O caso, precisamente, deste “CHORINHO, CUÍCA E TAMBORIM”, que tem como astro um dos mais talentosos músicos do Brasil: o clarinetista e saxofonista NETINHO. Por sinal, é muito animador quando a gente ouve um disco, feito no Brasil, que dá a um músico não apenas liberdade de escolha de repertório, mas sobretudo, as honras do crédito principal da capa. Isto sempre foi raro nesse País, que nunca prestigiou, como deveria, seus melhores músicos. Poucos instrumentistas brasileiros, na verdade, conseguem gravar elepês. Até, por isso, portanto, este disco é importante: ele afirma, prestigia e consome o talento individual de um dos grandes e sofridos (como todos) músicos no Brasil. O próprio Netinho, por exemplo, só conseguiu gravar dois LPs individuais, em toda sua carreira de 40 anos de músico.

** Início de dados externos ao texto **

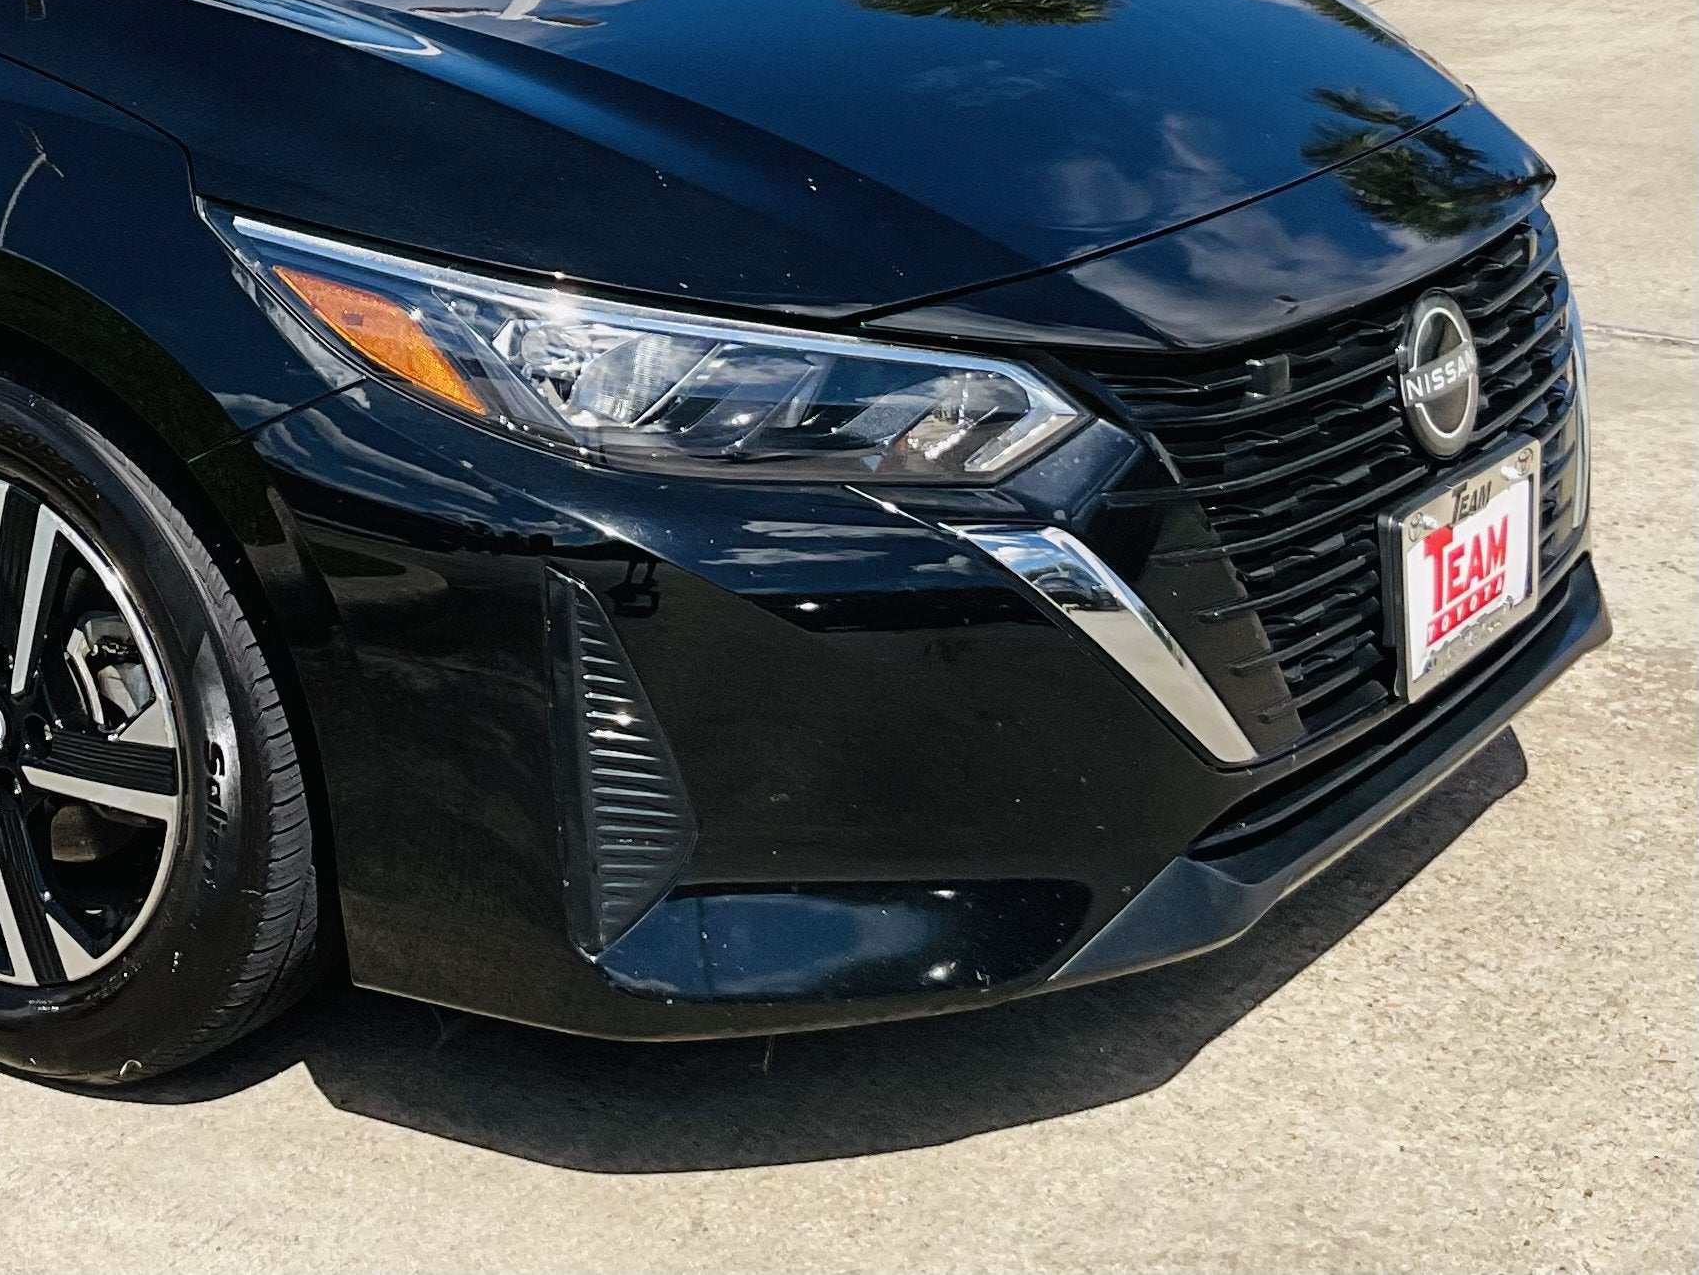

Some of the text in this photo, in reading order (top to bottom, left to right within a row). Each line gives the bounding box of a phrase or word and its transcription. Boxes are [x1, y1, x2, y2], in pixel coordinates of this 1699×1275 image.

O sergipano (de Simão Dias) Pedro Silveira Neto (NETINHO) filho do mestre de banda Zeca Laranjeira. Mas não foi o pai que lhe ensinou música; NETINHO aprendeu por si só, menino de calças curtas ainda (tal como Pixinguinha trinta anos antes); já com doze anos, o jovem sergipano espantava toda sua cidadezinha: ele tocava – e muito bem – todas as peças do repertório das bandinhas interioranas. Está claro que o talento do rapaz levou-o ao centro cultural que catalisava todos os artistas da região: a cidade de Salvador, na Bahia. Aí NETINHO estreou profissionalmente, organizando uma orquestra de nome ainda hoje afamado na cidade: “Netinho e sua banda”, que se tornou legendária em toda a Bahia através de apresentações na Rádio Excelsior e no Cassino Tabariz, em Salvador.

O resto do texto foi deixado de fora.